Exercise data
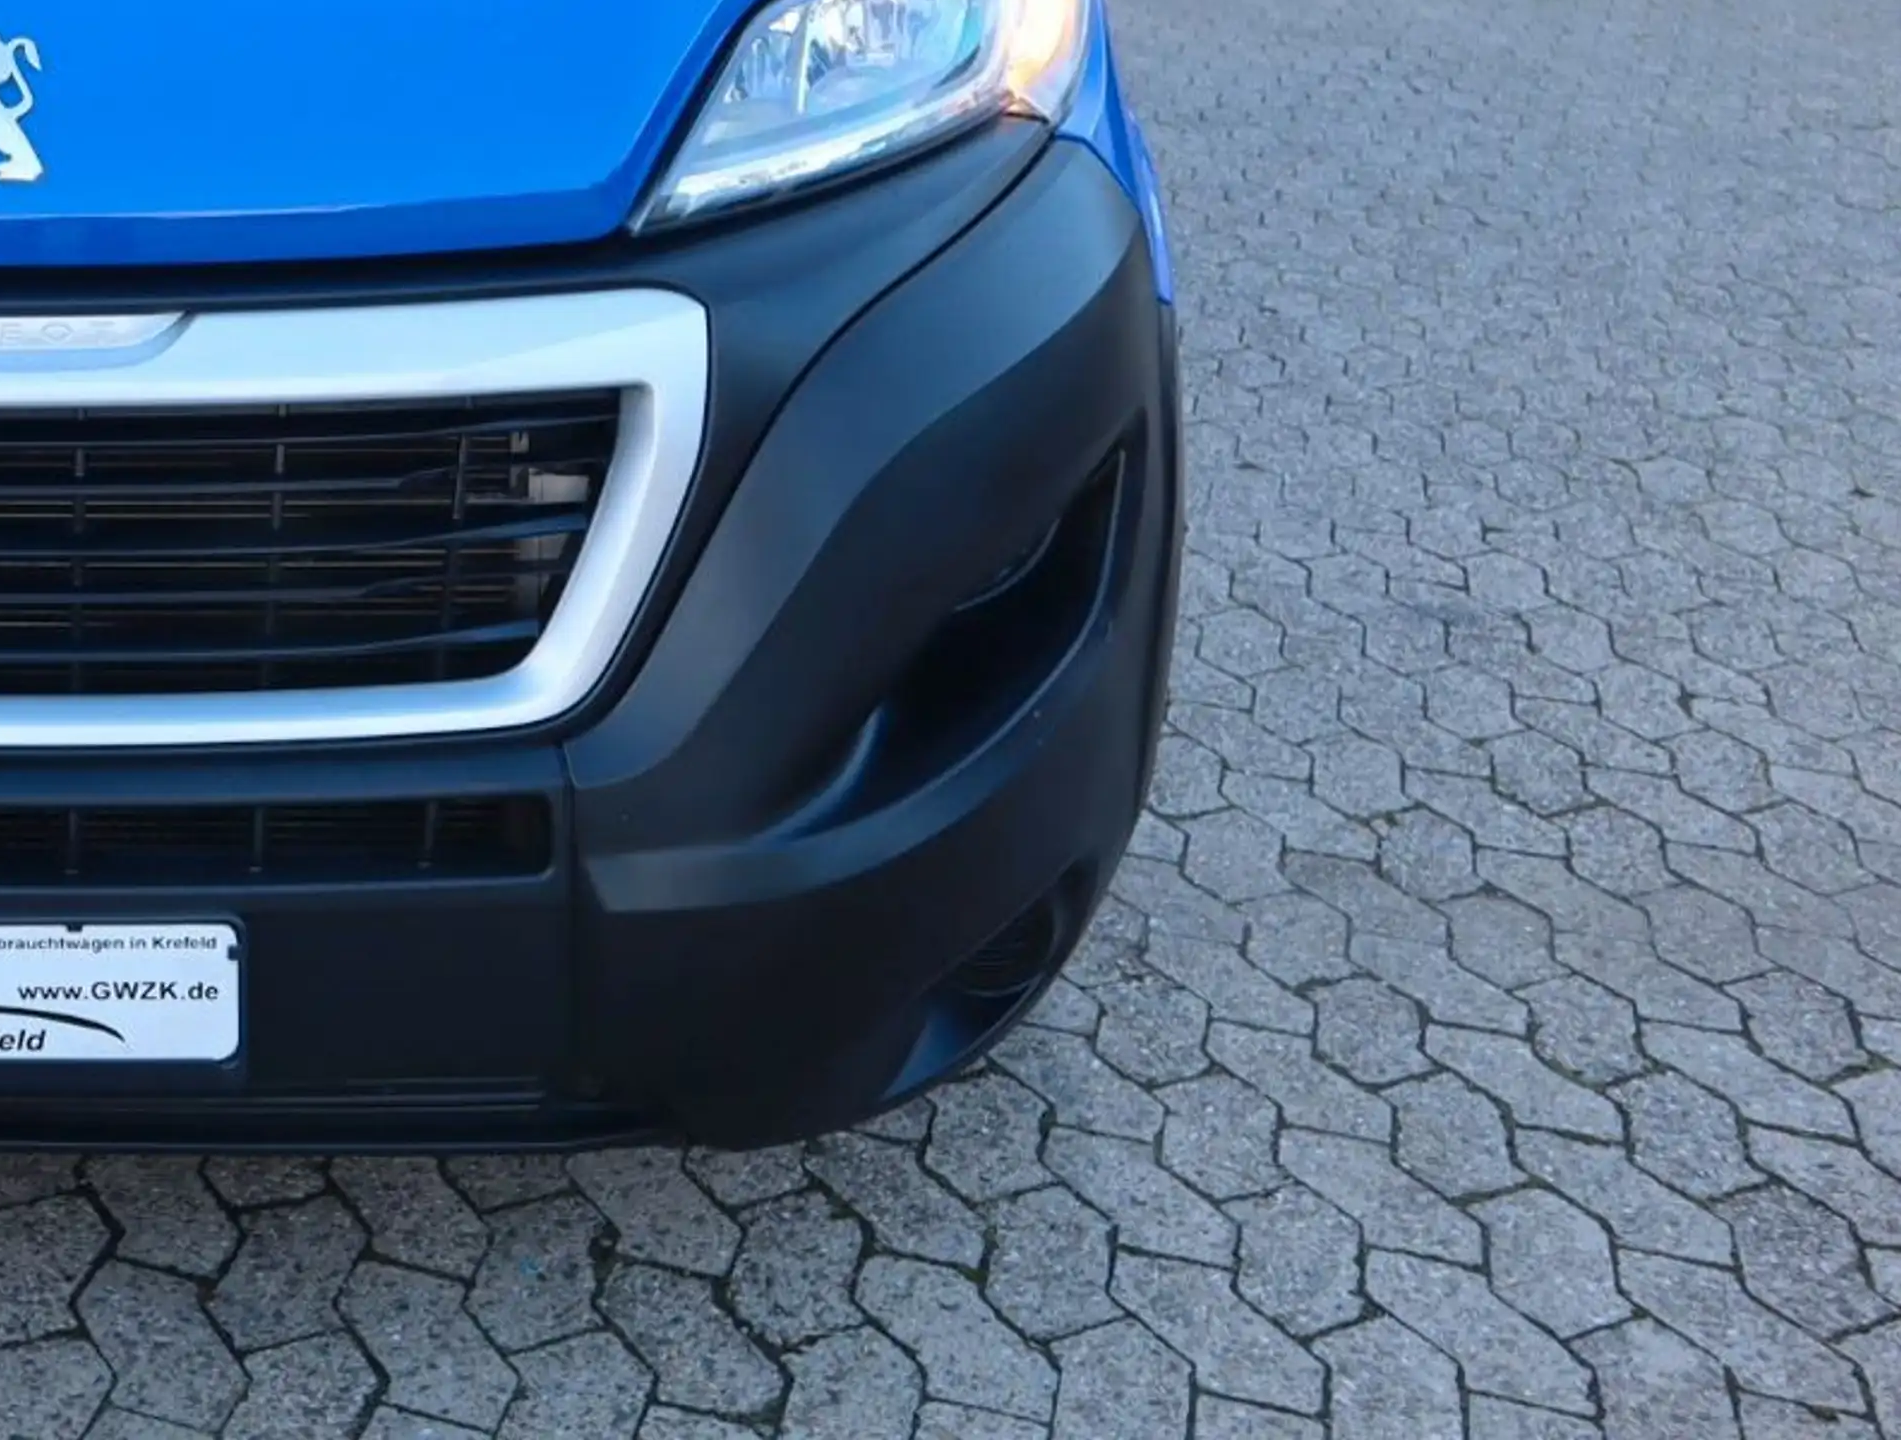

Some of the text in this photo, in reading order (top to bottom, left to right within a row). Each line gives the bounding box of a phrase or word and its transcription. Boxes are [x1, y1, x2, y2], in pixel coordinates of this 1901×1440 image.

[130, 936, 145, 950] in
[152, 936, 217, 950] Krefeld
[18, 981, 219, 1002] www.GWZK.de
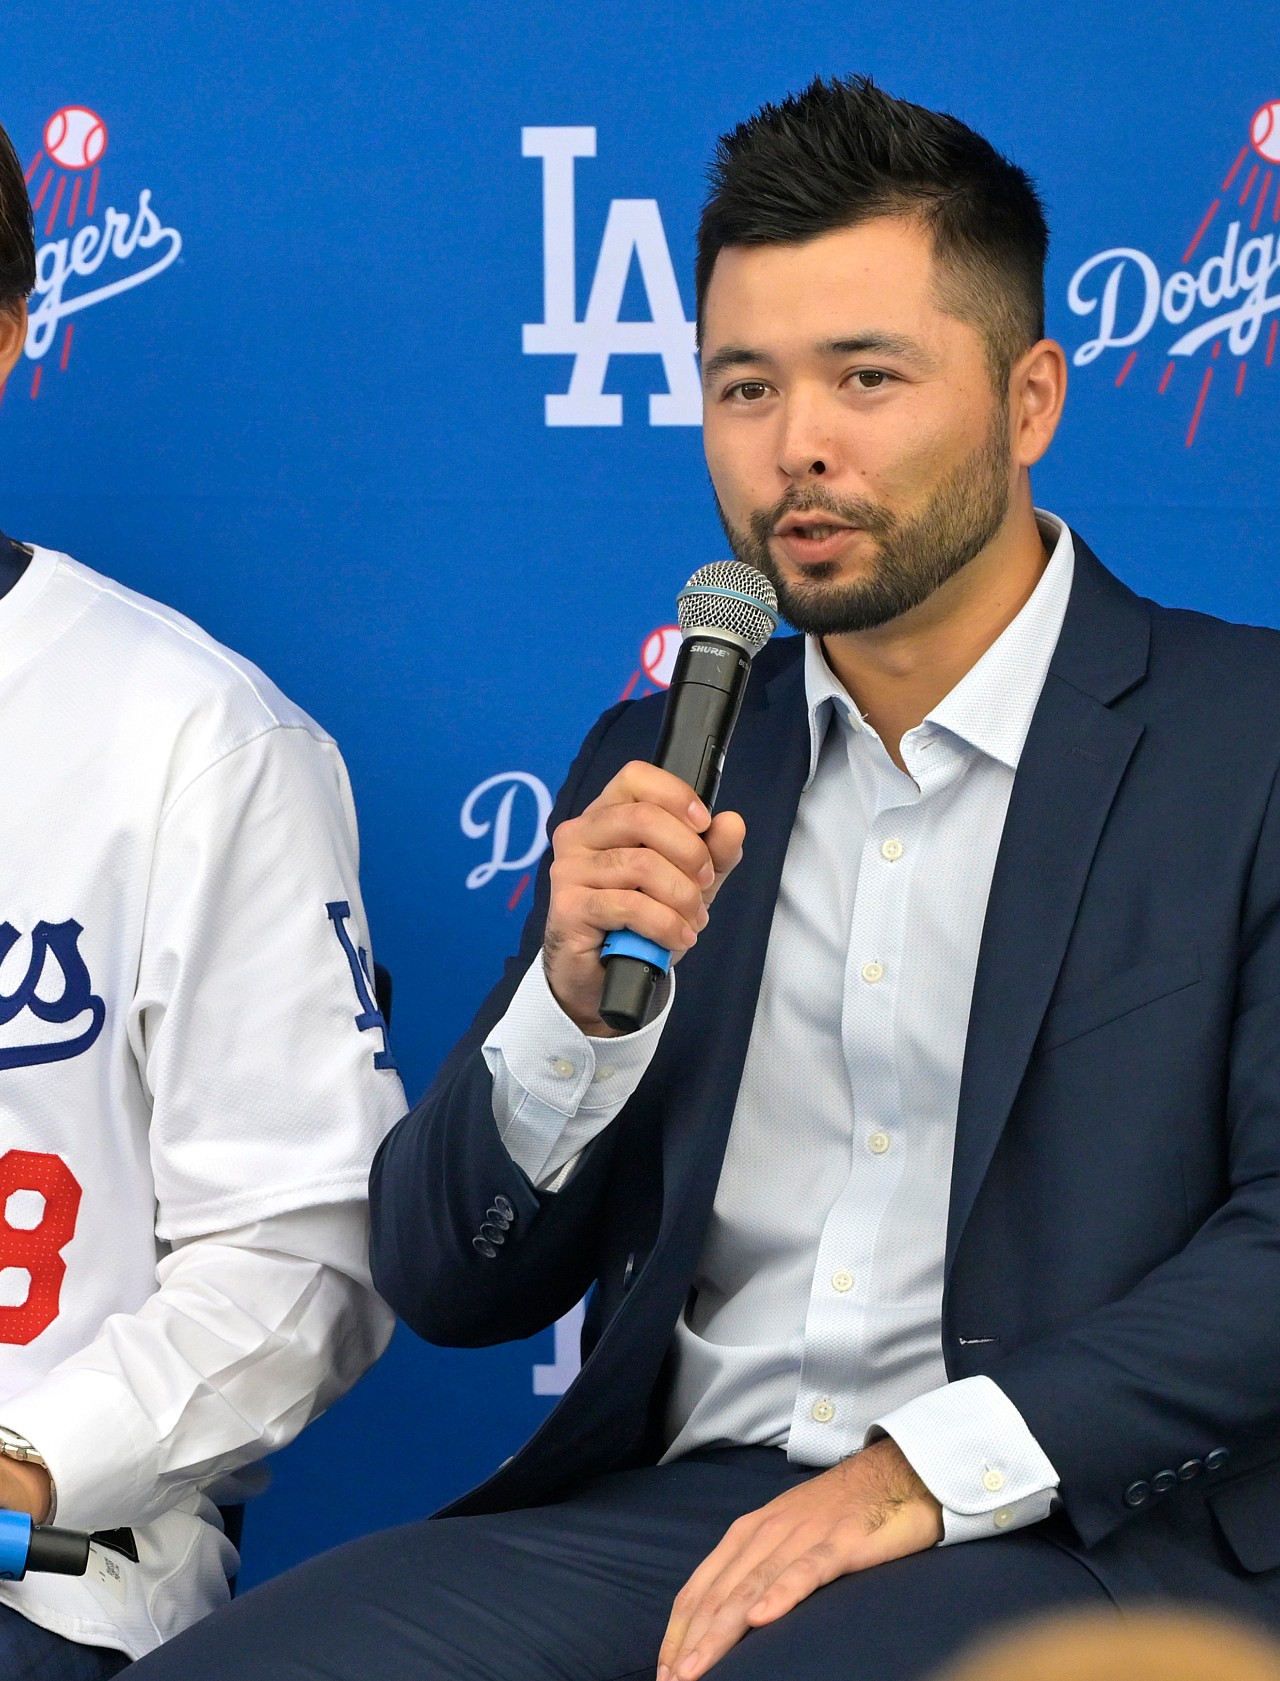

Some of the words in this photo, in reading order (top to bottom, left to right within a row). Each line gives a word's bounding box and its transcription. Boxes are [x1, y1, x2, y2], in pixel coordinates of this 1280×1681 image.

What the task asks
Would you repeat the entries exactly, but with no pictures?

Answer area
Some of the text in this photo, in reading order (top to bottom, left to right within a row). Each line gives the bounding box of a phrase or word and its transcription. Boxes are [x1, y1, x2, y2], in pixel coordinates of this 1901×1440 image.

[130, 936, 145, 950] in
[152, 936, 217, 950] Krefeld
[18, 981, 219, 1002] www.GWZK.de

Some of the words in this photo, in reading order (top to bottom, left to right within a row). Each line gives a word's bounding box and its transcription. Boxes are [x1, y1, x2, y2], in pixel coordinates of this 1280×1681 image.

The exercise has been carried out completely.